(Recorded information Opens)
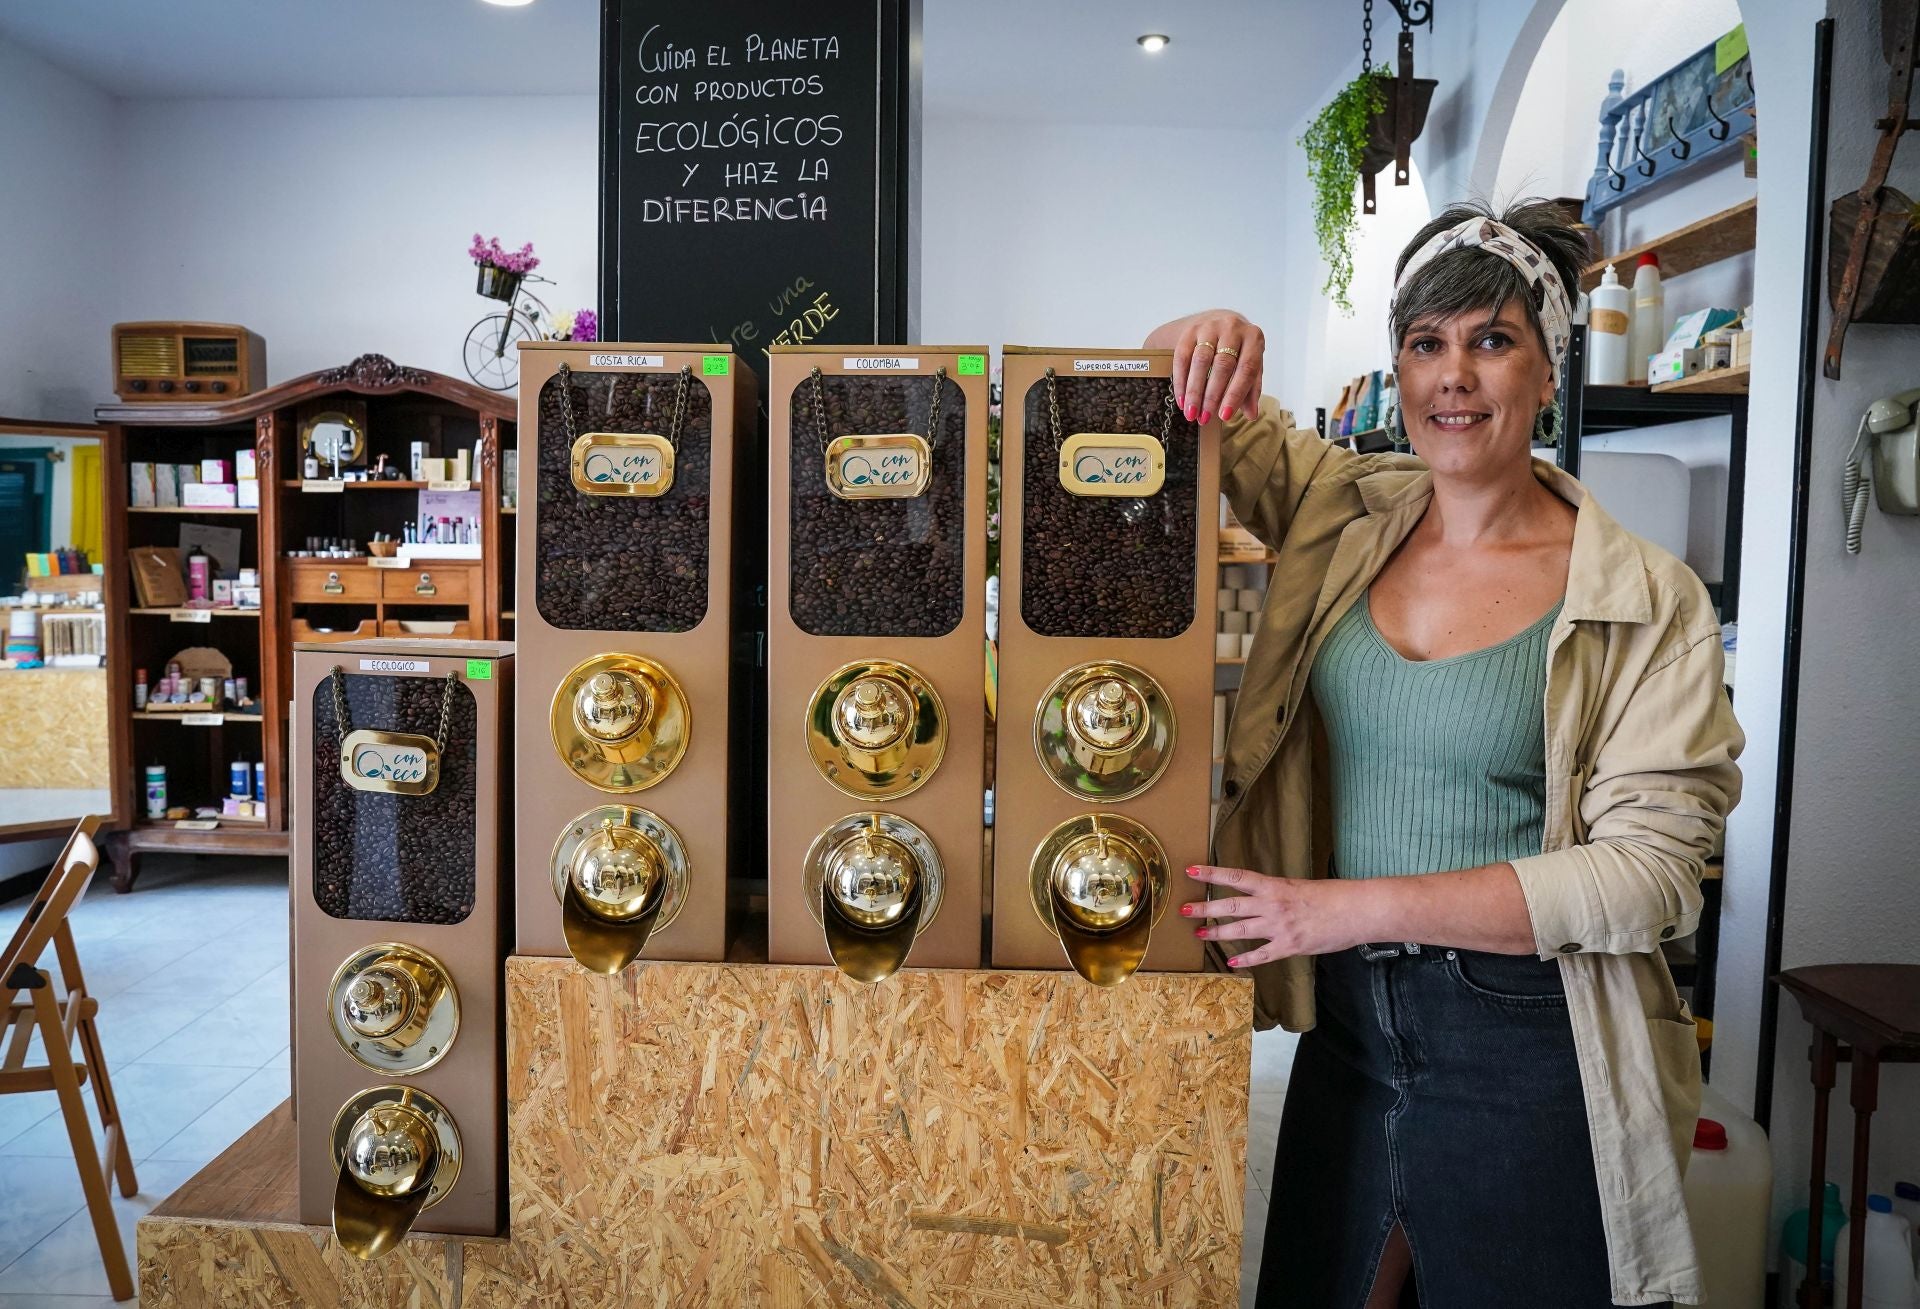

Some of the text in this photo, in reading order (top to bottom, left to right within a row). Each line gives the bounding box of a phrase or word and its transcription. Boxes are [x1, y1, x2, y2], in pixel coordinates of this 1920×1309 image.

[707, 45, 731, 66] EL
[746, 34, 839, 62] PLANETA
[636, 75, 823, 104] CON PRODUCTOS
[682, 158, 828, 187] Y HAZ LA
[643, 192, 828, 223] DIFERENCIA
[769, 276, 815, 316] una
[595, 355, 648, 366] COSTA RICA
[856, 358, 901, 369] COLOMBIA
[1075, 361, 1111, 371] SUPERIOR
[623, 454, 655, 468] con
[881, 454, 913, 468] con
[1114, 455, 1148, 469] con
[622, 470, 654, 484] eco
[881, 470, 913, 485] eco
[1114, 471, 1147, 484] eco
[371, 660, 416, 671] ECOLOGICO
[393, 752, 424, 766] con
[392, 768, 423, 782] eco
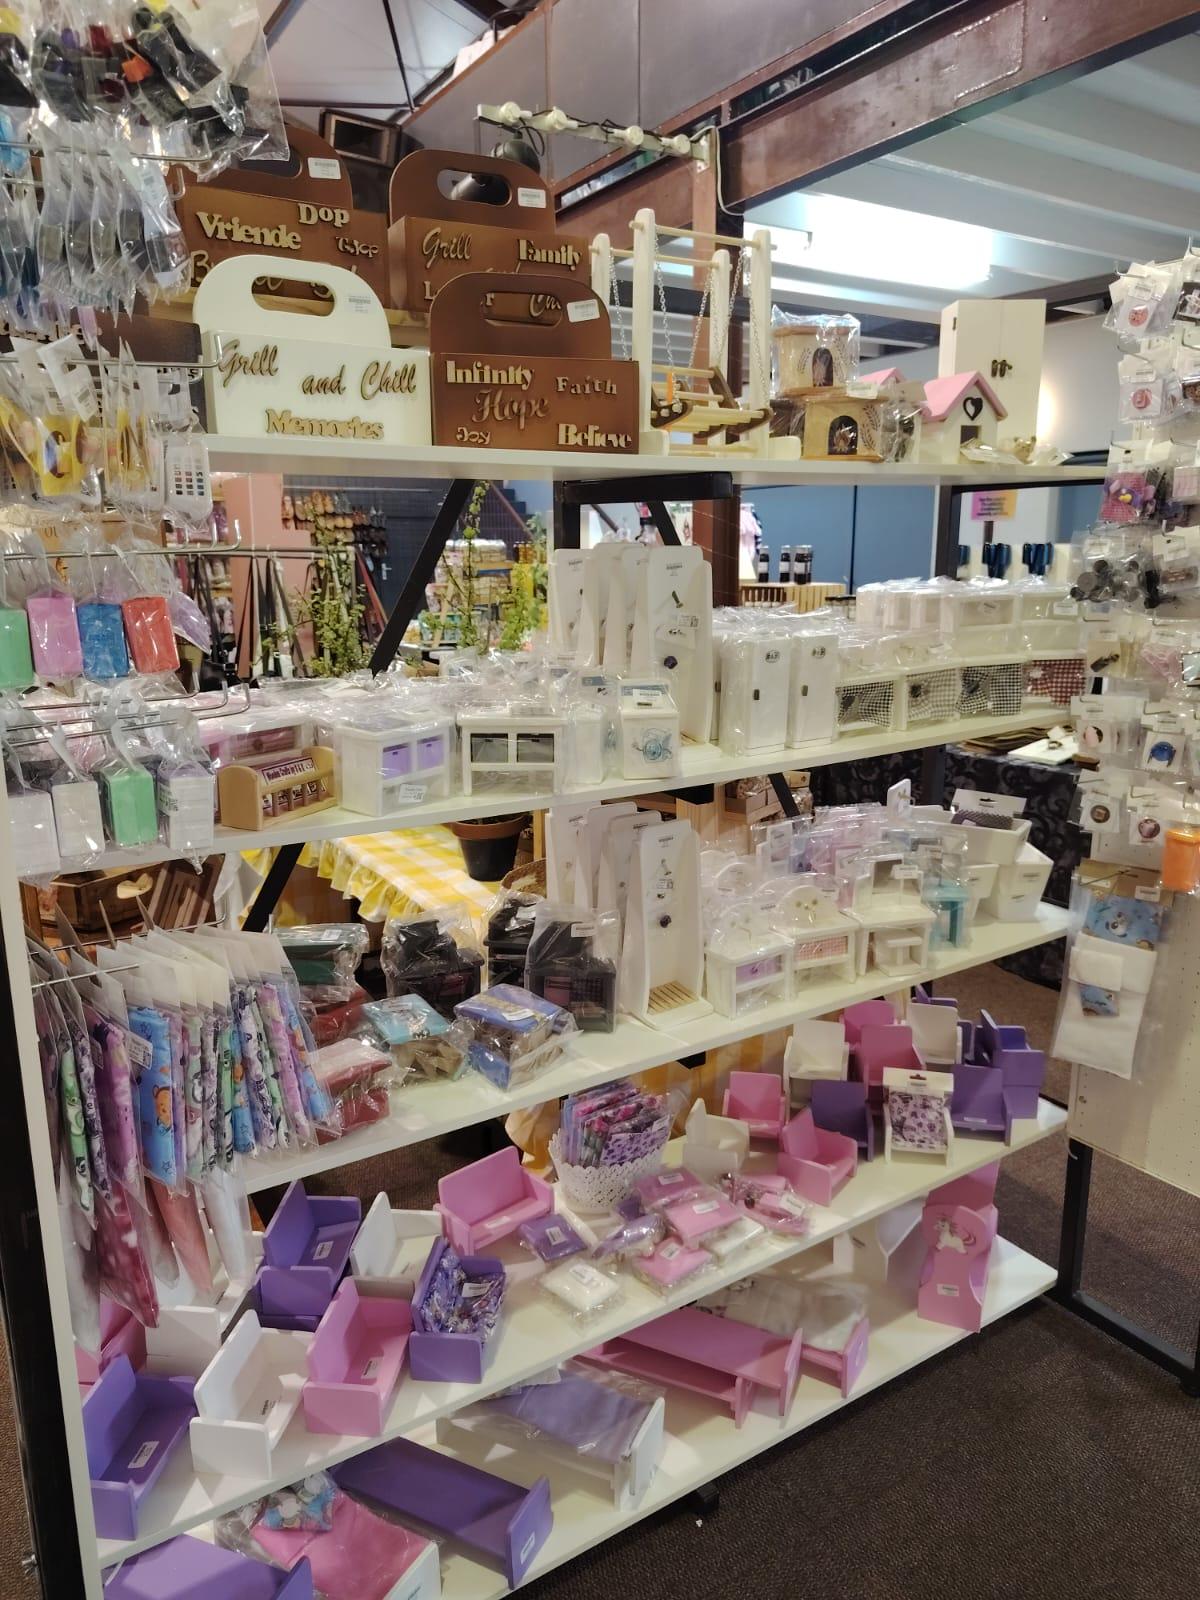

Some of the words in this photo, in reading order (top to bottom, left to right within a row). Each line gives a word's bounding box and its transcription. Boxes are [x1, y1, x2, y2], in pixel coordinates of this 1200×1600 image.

[196, 210, 301, 250] Vriende
[297, 202, 350, 228] Dop
[422, 227, 472, 269] Grill
[517, 239, 582, 271] Family
[217, 339, 279, 388] Grill
[301, 364, 346, 395] and
[360, 361, 417, 400] Chill
[446, 360, 534, 391] Infinity
[556, 376, 617, 395] Faith
[266, 409, 384, 440] Memories
[472, 389, 549, 430] Hope
[456, 427, 491, 445] Joy
[558, 424, 632, 449] Believe
(Recorded information Closes)
▶ **Exercise brief**
Every line above has to be output exactly; the pictures must be dropped.

▶ **Response to this exercise**
Some of the text in this photo, in reading order (top to bottom, left to right within a row). Each line gives the bounding box of a phrase or word and its transcription. Boxes are [x1, y1, x2, y2], in pixel coordinates of this 1920×1309 image.

[707, 45, 731, 66] EL
[746, 34, 839, 62] PLANETA
[636, 75, 823, 104] CON PRODUCTOS
[682, 158, 828, 187] Y HAZ LA
[643, 192, 828, 223] DIFERENCIA
[769, 276, 815, 316] una
[595, 355, 648, 366] COSTA RICA
[856, 358, 901, 369] COLOMBIA
[1075, 361, 1111, 371] SUPERIOR
[623, 454, 655, 468] con
[881, 454, 913, 468] con
[1114, 455, 1148, 469] con
[622, 470, 654, 484] eco
[881, 470, 913, 485] eco
[1114, 471, 1147, 484] eco
[371, 660, 416, 671] ECOLOGICO
[393, 752, 424, 766] con
[392, 768, 423, 782] eco

Some of the words in this photo, in reading order (top to bottom, left to right within a row). Each line gives a word's bounding box and its transcription. Boxes are [x1, y1, x2, y2], in pixel coordinates of this 1200×1600 image.

[196, 210, 301, 250] Vriende
[297, 202, 350, 228] Dop
[422, 227, 472, 269] Grill
[517, 239, 582, 271] Family
[217, 339, 279, 388] Grill
[301, 364, 346, 395] and
[360, 361, 417, 400] Chill
[446, 360, 534, 391] Infinity
[556, 376, 617, 395] Faith
[266, 409, 384, 440] Memories
[472, 389, 549, 430] Hope
[456, 427, 491, 445] Joy
[558, 424, 632, 449] Believe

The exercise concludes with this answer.